Law professor David Schizer, another co-chair of the task force, noted that the depth of the problem only became clear after extensive interviews with students. “Unfortunately, there are still many faculty members who do not believe that there is anti-Semitism on campus, and some claim that anti-Semitism is being weaponized to protect pro-Israel views,” Schizer explained, as was pointed out in The Post report.  This highlights a significant divide within the academic community regarding the perception and reality of anti-Semitism.
The task force’s findings call attention to a broader issue of rising anti-Semitism in academic institutions, reflecting a microcosm of wider societal trends. Addressing this problem requires comprehensive action from the university administration, including:
Establishing dedicated support services for Jewish and Israeli students to report incidents and seek assistance.

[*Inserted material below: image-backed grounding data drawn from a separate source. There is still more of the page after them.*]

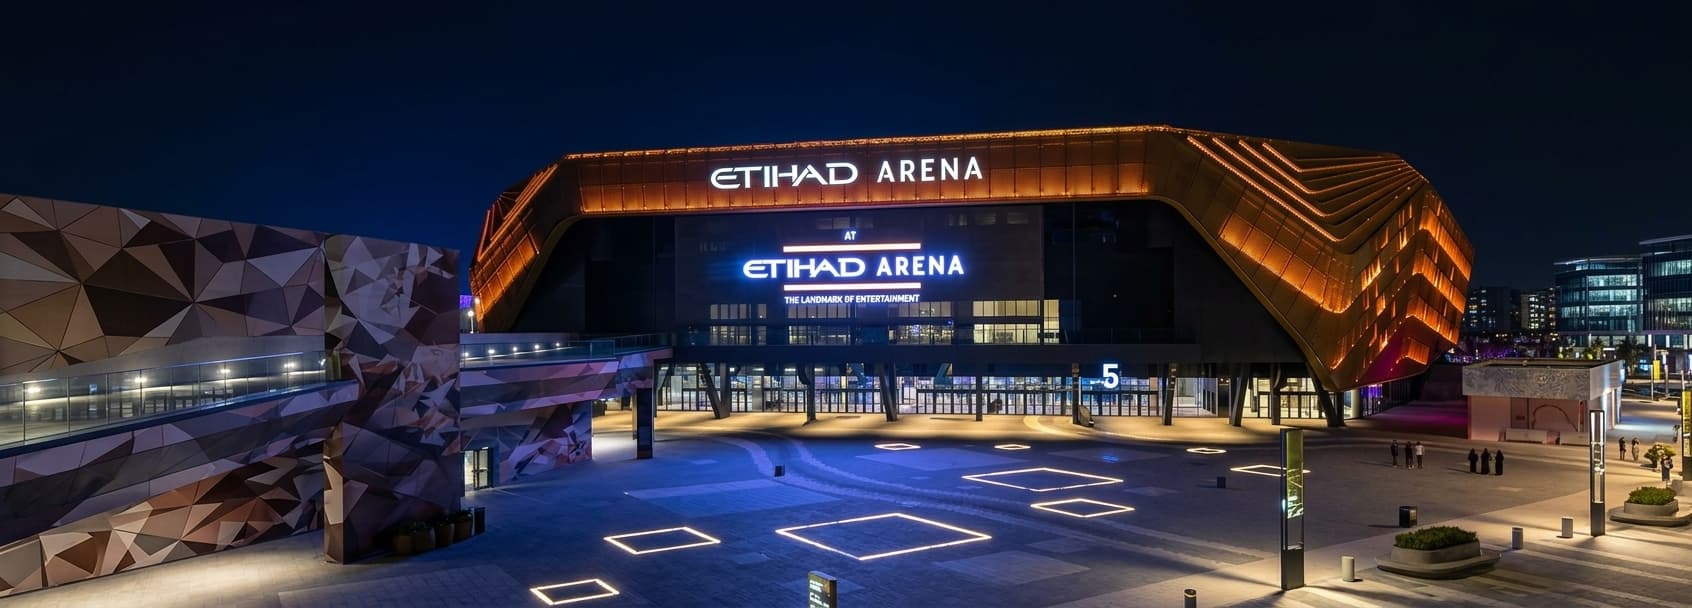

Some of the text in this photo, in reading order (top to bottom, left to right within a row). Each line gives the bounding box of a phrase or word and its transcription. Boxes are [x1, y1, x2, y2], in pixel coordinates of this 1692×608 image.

[710, 156, 983, 190] ETIHAD ARENA
[844, 231, 857, 241] AT
[742, 255, 965, 278] ETIHAD ARENA
[784, 293, 920, 304] THE LANDMARK OF ENTERTAINMENT
[1103, 364, 1119, 389] 5
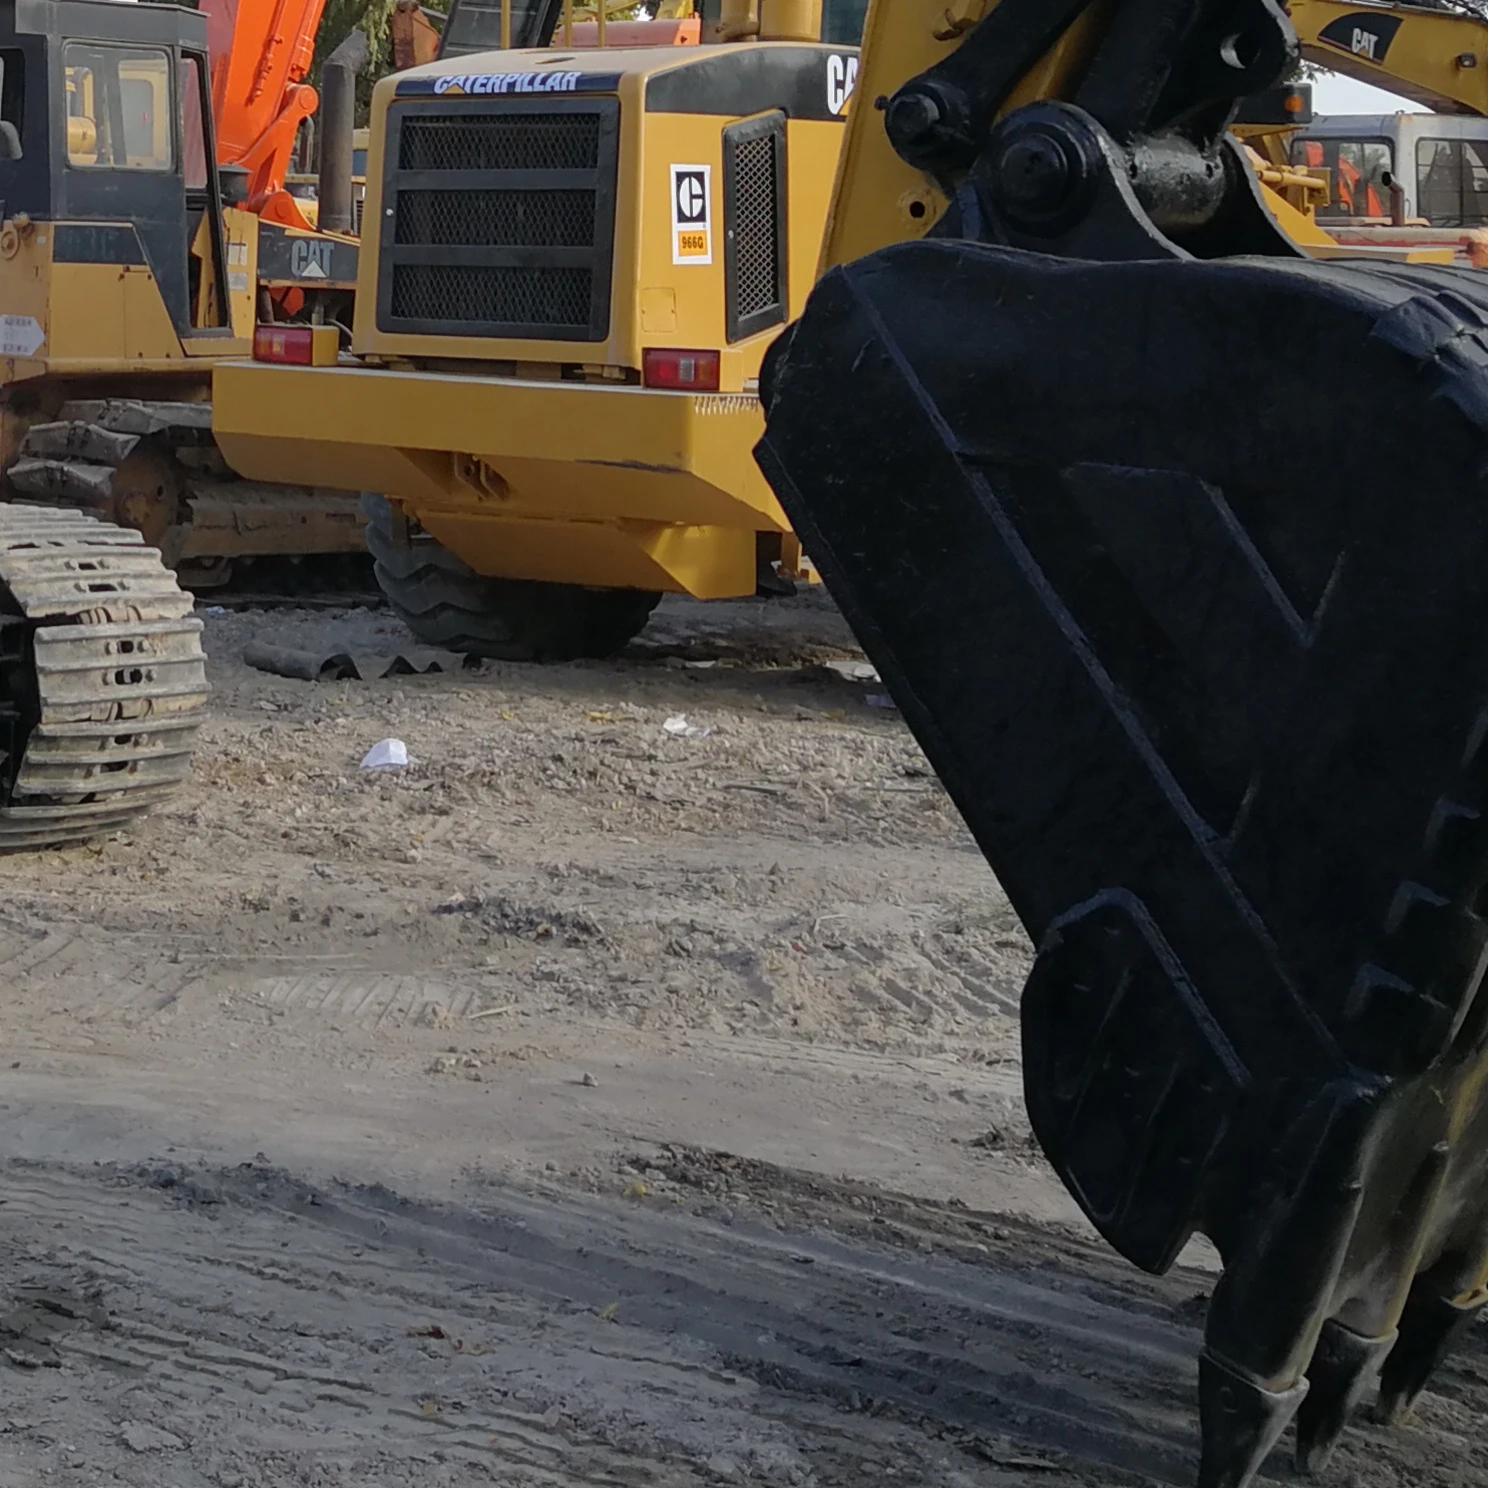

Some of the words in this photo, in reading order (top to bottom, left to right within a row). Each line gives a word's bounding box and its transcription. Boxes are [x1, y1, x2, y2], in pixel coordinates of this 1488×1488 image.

[1352, 27, 1379, 59] CAT
[433, 71, 582, 94] CATERPILLAR
[827, 54, 858, 115] CA
[681, 235, 704, 249] 966G
[292, 240, 334, 277] CAT

Implementing mandatory educational programs on anti-Semitism, its history, and its modern manifestations to foster a more inclusive campus environment.
Revising university policies to ensure clear guidelines for handling incidents of discrimination and harassment, with strict consequences for violations.

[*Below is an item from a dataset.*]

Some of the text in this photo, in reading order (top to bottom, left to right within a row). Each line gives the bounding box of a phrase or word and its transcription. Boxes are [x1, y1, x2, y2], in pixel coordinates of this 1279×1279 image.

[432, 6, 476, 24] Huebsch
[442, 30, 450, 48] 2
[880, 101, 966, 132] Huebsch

Ensuring the task force continues its work with transparency and regular updates to the university community, allowing for sustained focus and action on these issues.
Journalism professor Nicholas Lemann, one of the task force co-chairs, highlighted the profound challenges faced by Jewish and Israeli students. He emphasized that the concept of Zionism is deemed “unacceptable” in certain academic and social circles on campus, exacerbating feelings of ostracization among these students. “In terms of what we’ve heard, Jewish and Israeli students are feeling very targeted and ostracized,” Lemann told Haaretz, as was indicated in The Post report. This sentiment reflects the broader climate of exclusion and hostility that these students encounter daily.
Rory Lancman, an official with the Louis D. Brandeis Center for Human Rights Under Law, expressed serious concerns about Columbia University’s approach to defining and addressing anti-Semitism. The Post report said that Lancman worries that the university is seeking a diluted definition of anti-Semitism, which would undermine efforts to effectively combat it. “You can’t solve a problem that you’re unwilling to define,” Lancman stated, suggesting that a lack of clear and stringent definitions could impede meaningful progress in tackling the issue.
Despite the gravity of these findings, Columbia University’s response has been criticized for lacking urgency and specificity. The Post reported that in a statement to Haaretz, the university asserted, “We are committed to combating anti-Semitism and taking sustained, concrete action to ensure Columbia is a campus where Jewish students and everyone in our community feels safe, valued and able to thrive.” However, critics argue that these assurances must be backed by concrete actions and policy changes to be effective.
The task force’s preliminary findings underscore the need for comprehensive and immediate measures to address anti-Semitism at Columbia University, according to The Post report. These include establishing a robust and clear definition of anti-Semitism aligned with international standards, such as the IHRA definition, to guide university policies and responses.